We’ve distilled years of on-call trial and error into a new free ebook. On Call: The definitive guide to running productive and happy on-call teams provides a comprehensive road map to building an effective program while balancing the important human side of the on-call challenge.
Inside, you’ll find:
- A full, 100-plus-page guide to creating and implementing an effective on-call program.
- Analysis of commonly used on-call models, their effectiveness in the real world, and pitfalls to avoid when setting up your on-call teams.
- An exclusive foreword from Andrew Clay Shafer, Vice President of Transformation at Red Hat and former co-founder of Puppet
To celebrate the new project, we sat down with author and on-call expert Serhat Can for a quick question and answer session.
Q&A with author Serhat Can
Serhat Can is a versatile engineer who has built and operated products as part of Atlassian’s Opsgenie team since 2015. As an engineer and DevOps evangelist, his main interest is helping teams build better on-call and incident response practices.
Atlassian: Do you remember your first on-call shift?
Serhat: Fortunately, I was in good hands. I was about a month into working with my team and started participating in responding to customer issues alongside our customer success team.
I still think that’s a great way to get used to the idea of on-call, and you get the added benefit of learning more about your product. Then, after a few months, I was responding to prod alerts during business hours. It was scary, but I was lucky to have senior engineers right by my side who could help me if I got stuck.
A: Was there anything that surprised you as you dug deeper into this material?
S: The more I wrote, the more I became sure that on-call requires ongoing attention to detail and continuous improvement. There is no silver bullet. The book covers a lot of options and good practices on-call teams may employ while curating their on-call programs. And they are definitely helpful. But the broader picture is that on-call is influenced a lot by your company culture.
If your company cares about you as a human, they’re more likely to care about making your on-call experience better. If your company cares a lot about ownership and has practices in place to make you feel like you are part of something important, you’ll in turn care much more about doing a good job on-call. So, on-call is definitely influenced by these kinds of cultural aspects.
A: It feels like a big theme of your book is that these “technology systems” are only as resilient as the “people systems” that build and operate them. Do you think the rest of the world is realizing that?
S: I must say that most big tech companies realize that these technically skilled people are expensive to hire and keep. Investing in people isn’t just the right thing to do – it makes good business sense. Most smart companies realize that better tech is only possible with better people. Resilience is only possible with people architecting resilient systems and people taking care of these systems. On-call is a way we can clearly see the people affect and improve iteratively.
A: What do you think teams struggle with the most in adopting on-call practices?
S: I spent the last few years speaking at many DevOps conferences and chatting with brilliant people. Almost always, their first question is: how do I convince my management to make alerts and on-call better?

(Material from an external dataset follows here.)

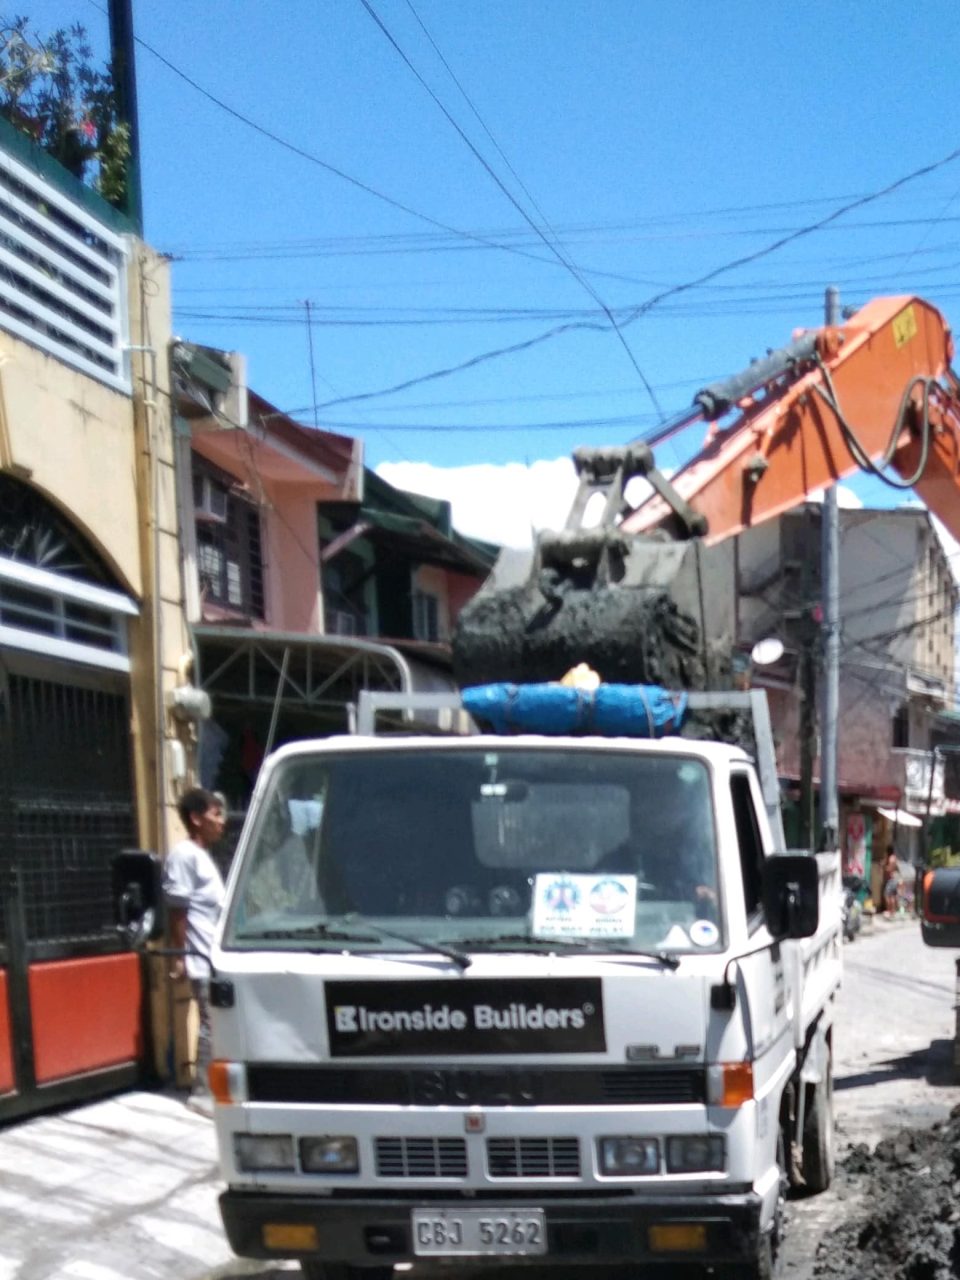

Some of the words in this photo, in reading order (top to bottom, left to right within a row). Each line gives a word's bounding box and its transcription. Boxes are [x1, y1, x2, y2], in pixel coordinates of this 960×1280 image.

[359, 1003, 467, 1032] Ironside
[417, 1218, 462, 1245] CBJ
[479, 1218, 541, 1245] 5262

This is partly because some companies are still figuring out how critical IT is to their existence. And part of it is because of the business pressure. I think we can make great improvements to the latter with this book. The former – leadership buy-in – I think is easier now with a lot of people talking about DevOps. But we still need to talk business language and bring some data in. The book also covers that, but I must remind readers that change is not easy. As engineers, we should also try our best to understand our business and offer practical solutions to these challenges.
A: What do you think the future holds for on-call? Will more teams be going on-call? Will we see different types of professions embracing on-call?

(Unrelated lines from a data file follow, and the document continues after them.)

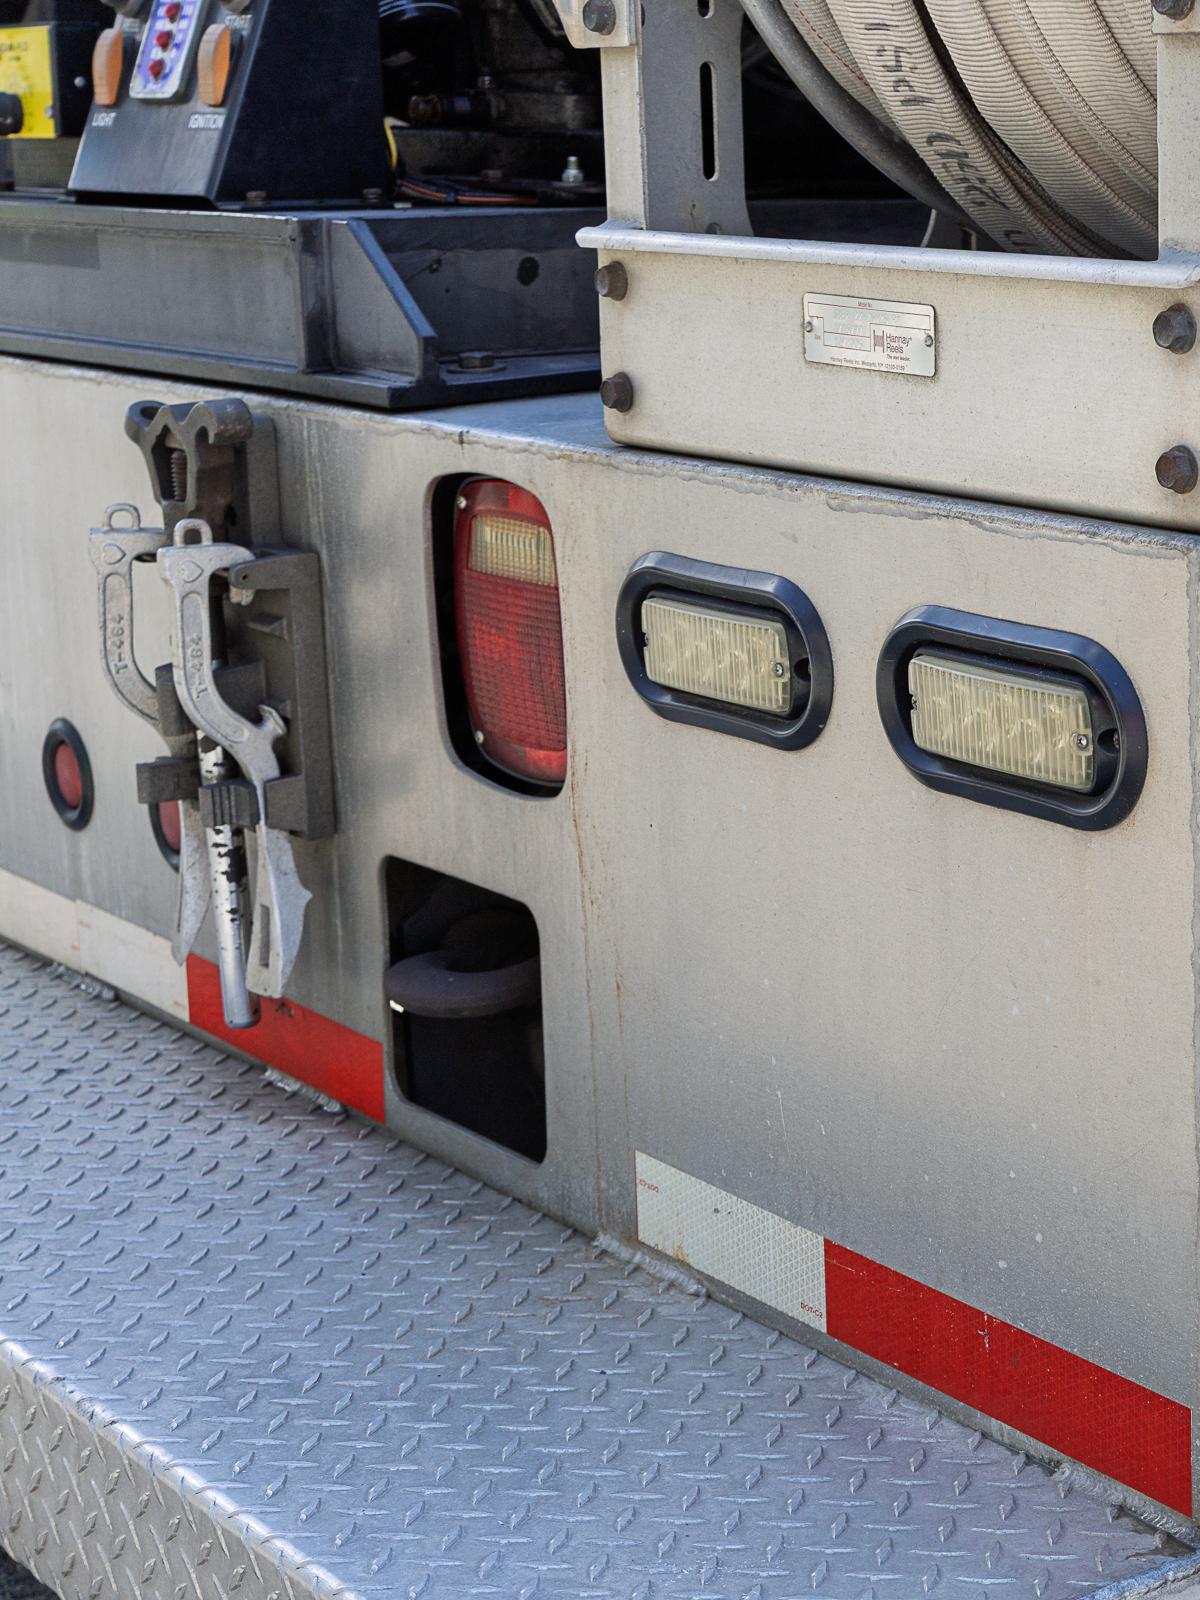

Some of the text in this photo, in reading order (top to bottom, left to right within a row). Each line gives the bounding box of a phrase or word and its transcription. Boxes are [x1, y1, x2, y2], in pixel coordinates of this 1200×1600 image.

[864, 22, 936, 107] PSI
[91, 112, 117, 127] LIGHT
[188, 114, 226, 129] IGNITION
[885, 331, 911, 346] Hannay
[885, 344, 904, 354] Reels
[109, 613, 128, 675] T-464
[189, 633, 208, 699] T-464
[800, 1302, 823, 1319] DOT-C2

S: To be honest, no one likes to be on call. Many professions have been practising on-call since way before those of us in IT. But as our dependency on online services has increased, our need for on-call has risen drastically. If business requires you to be on call, one of the best things you can do as an organization is to get help from as many people as possible. If someone is on call every other week, that becomes life impacting, while being on call every six weeks is much more tolerable. On top of this, if developers are on call, we see them create more quality code and pay more attention to observability.
Another key aspect is increased ownership once developers feel the customer impact of their work. Given these and other benefits, I see many organizations adopting on-call throughout their tech organization. And beyond engineering, we already see many customer support, marketing, and sales organizations making use of ideas from on-call scheduling and escalations to better serve their customers. I definitely see this need becoming more and more clear for many organizations.